Mistakes in $\lim_{a\to \infty}(a^2 - a) = - \frac{1}{6}$? One can say, using Ramanujan summation or the zeta function regularization, that the sum $\sum_{k=1}^{\infty} k=- \frac{1}{12}$. Using this result I've gotten a very confusing and counterintuitive result, which I suspect it's wrong, but I can't see any mistakes in the reasoning.
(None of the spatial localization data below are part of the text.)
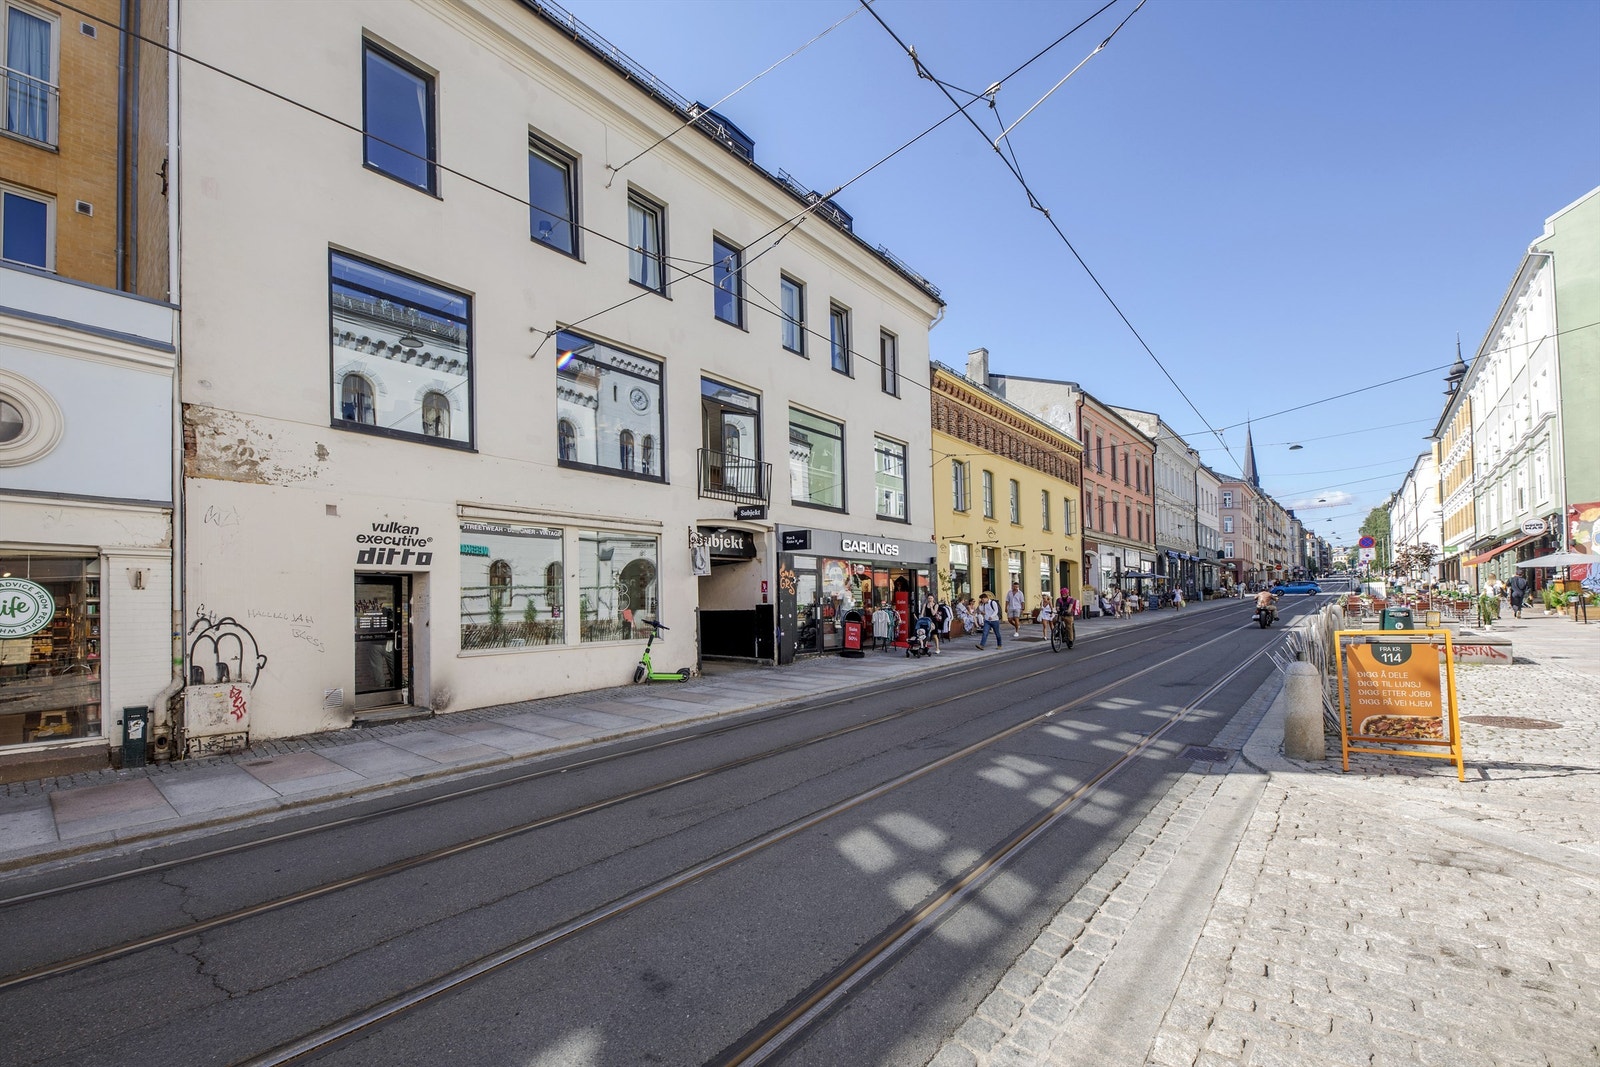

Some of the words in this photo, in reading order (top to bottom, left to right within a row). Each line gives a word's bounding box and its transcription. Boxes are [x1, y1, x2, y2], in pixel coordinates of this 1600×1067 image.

[741, 508, 761, 518] Subjekt
[371, 521, 420, 535] vulkan
[842, 539, 899, 556] CARLINGS
[356, 547, 433, 566] ditto
[0, 581, 35, 592] ADVICE
[34, 591, 48, 609] FROM
[0, 595, 30, 619] ife
[21, 611, 48, 632] PEOPLE
[1381, 653, 1402, 663] 114
[1380, 670, 1387, 678] Å
[1381, 680, 1392, 688] TIL
[1409, 690, 1431, 698] JOBB
[1383, 698, 1393, 706] PÅ
[1409, 700, 1433, 708] HJEM
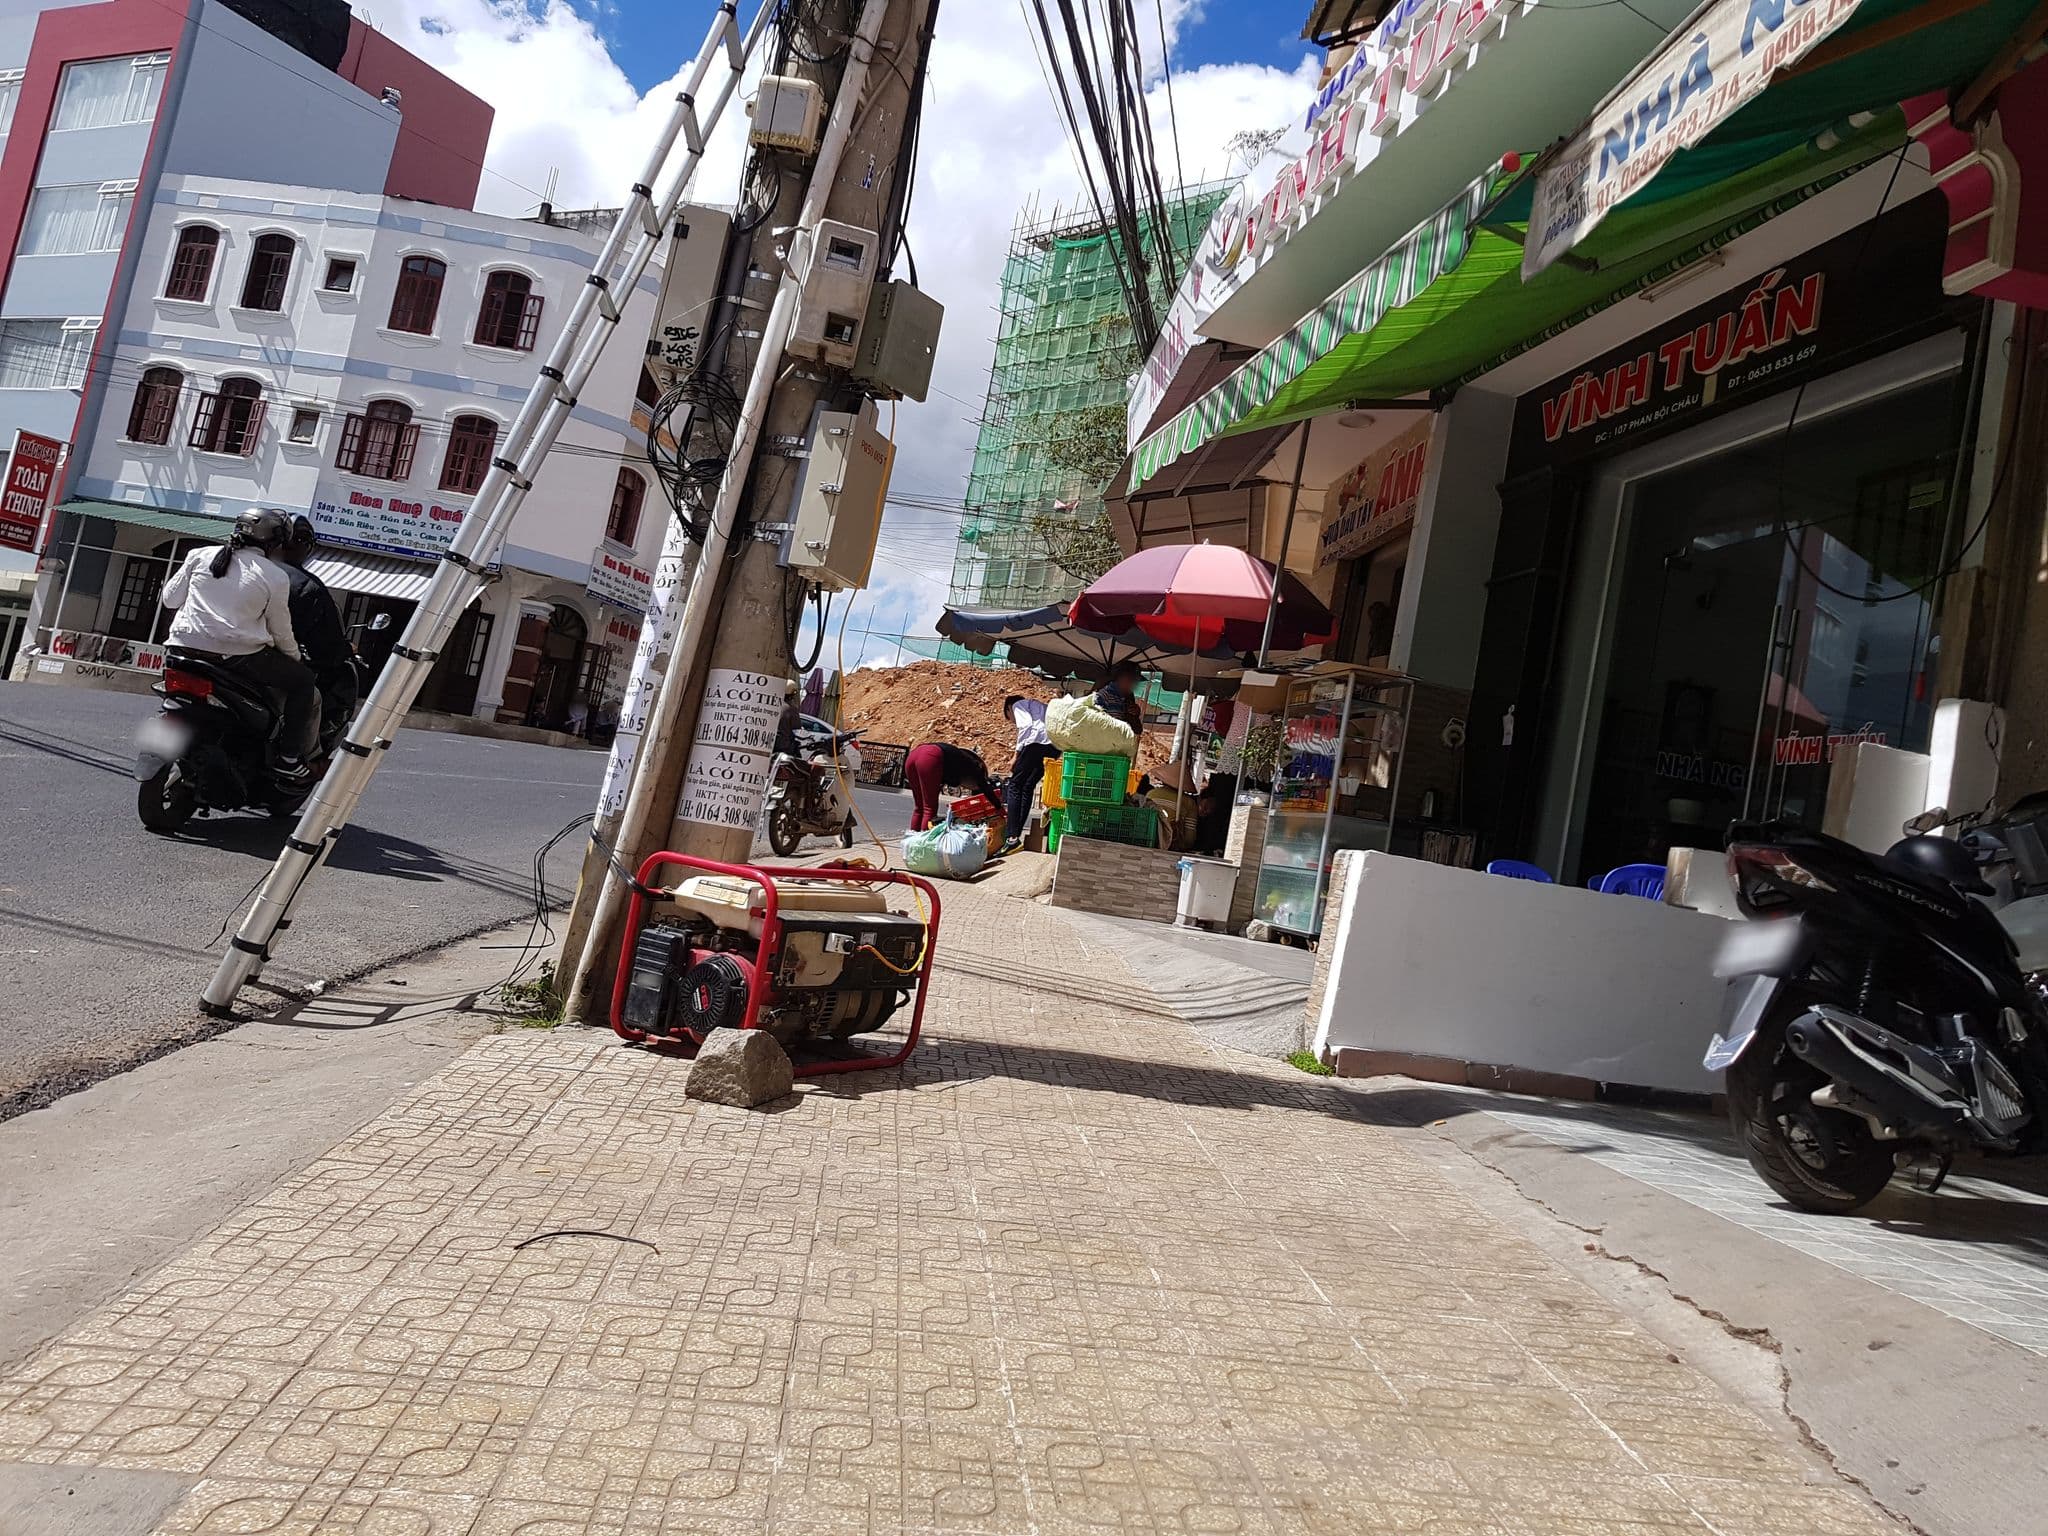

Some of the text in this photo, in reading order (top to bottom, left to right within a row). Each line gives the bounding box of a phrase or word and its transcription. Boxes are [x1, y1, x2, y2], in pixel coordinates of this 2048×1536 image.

[1597, 32, 1714, 183] NHÀ
[1740, 0, 1813, 59] N
[1542, 268, 1825, 442] VĨNH TUẤN
[1748, 363, 1772, 380] 0633
[14, 464, 48, 492] TOÀN
[5, 490, 44, 518] THỊNH
[349, 491, 465, 524] Hoa Huệ Quá
[731, 672, 768, 687] ALO
[704, 684, 721, 698] LÀ
[726, 688, 751, 702] CÓ
[713, 711, 737, 722] HKTT
[744, 715, 768, 727] CMND
[714, 724, 740, 743] 0164
[741, 727, 760, 747] 308
[715, 751, 751, 765] ALO
[1775, 730, 1823, 765] VĨNH
[688, 761, 704, 775] LÀ
[709, 766, 734, 780] CÓ
[695, 788, 719, 800] HKTT
[726, 794, 750, 806] CMND
[695, 802, 721, 822] 0164
[722, 806, 741, 825] 308
Could you tell me if it's right or not and where is the mistake?
Consider a number $a \in N$, then it's square can be written as:
$$a^2 = (a-1)^2 + 2(a-1) + 1$$ 
$$a^2 = (a-2)^2 + 2(a-2) + 1 + 2(a-1) + 1 $$
$$a^2 = (a-3)^2 + 2(a-3) + 1 + 2(a-2) + 1 + 2(a-1) + 1$$
$$...$$
$$a^2 = (a-a)^2 + 2(1+2+3+...+(a-1)) + a$$
$$a^2 = a + 2\sum_{k=1}^{a-1} k$$
Then:
$$a^2 - a = 2\sum_{k=1}^{a-1} k$$
Taking limits on both sides:
$$\lim_{a\to \infty}(a^2 - a) = \lim_{a\to \infty}2\sum_{k=1}^{a-1} k$$
Using the result from above we get:
$$\lim_{a\to \infty}(a^2 - a) = 2(- \frac{1}{12}) = - \frac{1}{6}$$
 A: While your working is admirable, your final step of 'taking limits' is completely undefined, i.e., ask yourself, what are you really doing when you 'take limits' in this context? What definition or process are you referring to?
If you are using the usual, elementary calculus notion of 'limit', then you have a divergent limit 'equalling' a divergent limit - it doesn't make sense to 'take' such a limit.
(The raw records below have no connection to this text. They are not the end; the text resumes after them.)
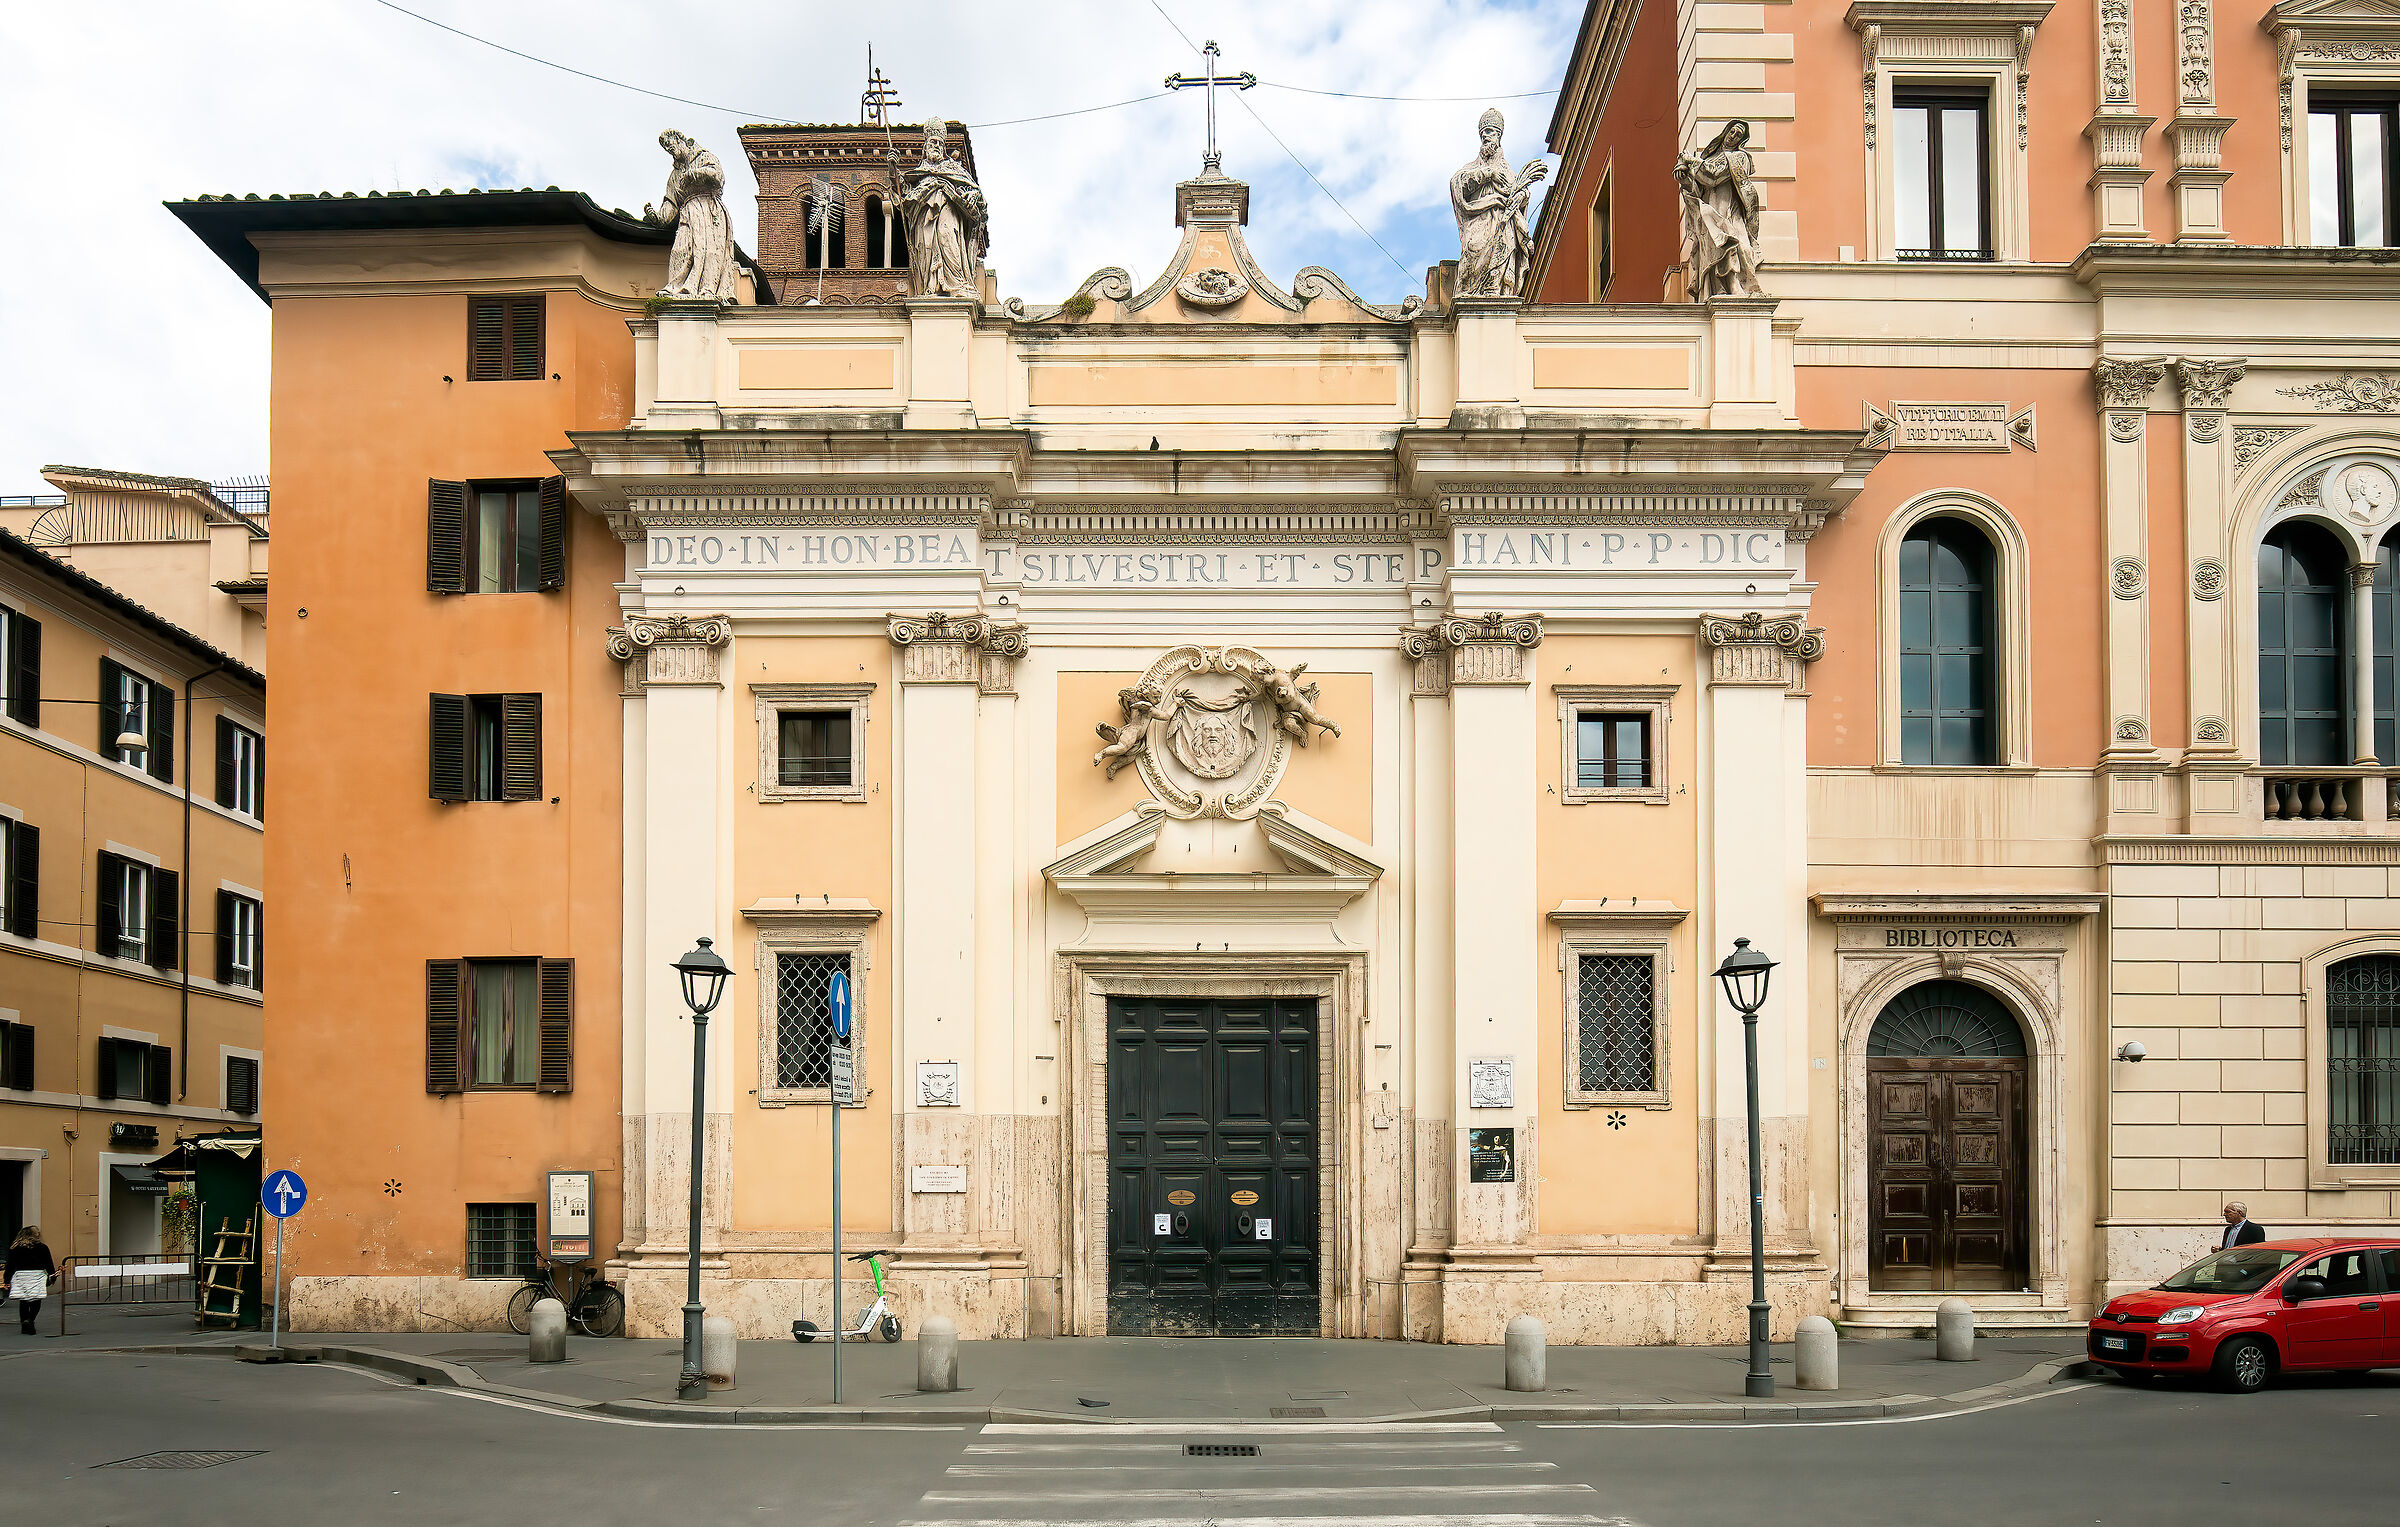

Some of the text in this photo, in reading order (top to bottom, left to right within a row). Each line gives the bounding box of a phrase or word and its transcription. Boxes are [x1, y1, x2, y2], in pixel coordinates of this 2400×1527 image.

[1906, 428, 1926, 441] RE
[651, 535, 724, 565] DEO
[740, 536, 780, 564] IN
[802, 535, 880, 564] HON
[1022, 553, 1228, 583] SILVESTRI
[1255, 553, 1306, 583] ET
[1600, 533, 1625, 564] P
[1648, 533, 1673, 564] P
[1699, 533, 1770, 564] DIC
[1885, 929, 2018, 948] BIBLIOTECA
If you want to use (in)famous 'identity' $1+2+3+\ldots=-1/12$, then you have even more problems to worry about: firstly, it's vague as to what the symbol $\lim$ now means in your argument; secondly, it's not clear that, under whatever definition of $\lim$ you fix upon, $\lim_{a\rightarrow\infty}2\sum_{k=1}^{a-1} k=2\lim_{a\rightarrow\infty}\sum_{k=1}^{a-1} k$, and so you cannot necessarily conclude that $\lim_{a\rightarrow\infty}2\sum_{k=1}^{a-1} k=-1/6$.
That being said, I rather enjoyed your round-about way of proving the well-known formula $\sum_{k=1}^{a} k = a(a+1)/2$. It's just the 'taking limits' part that makes no sense.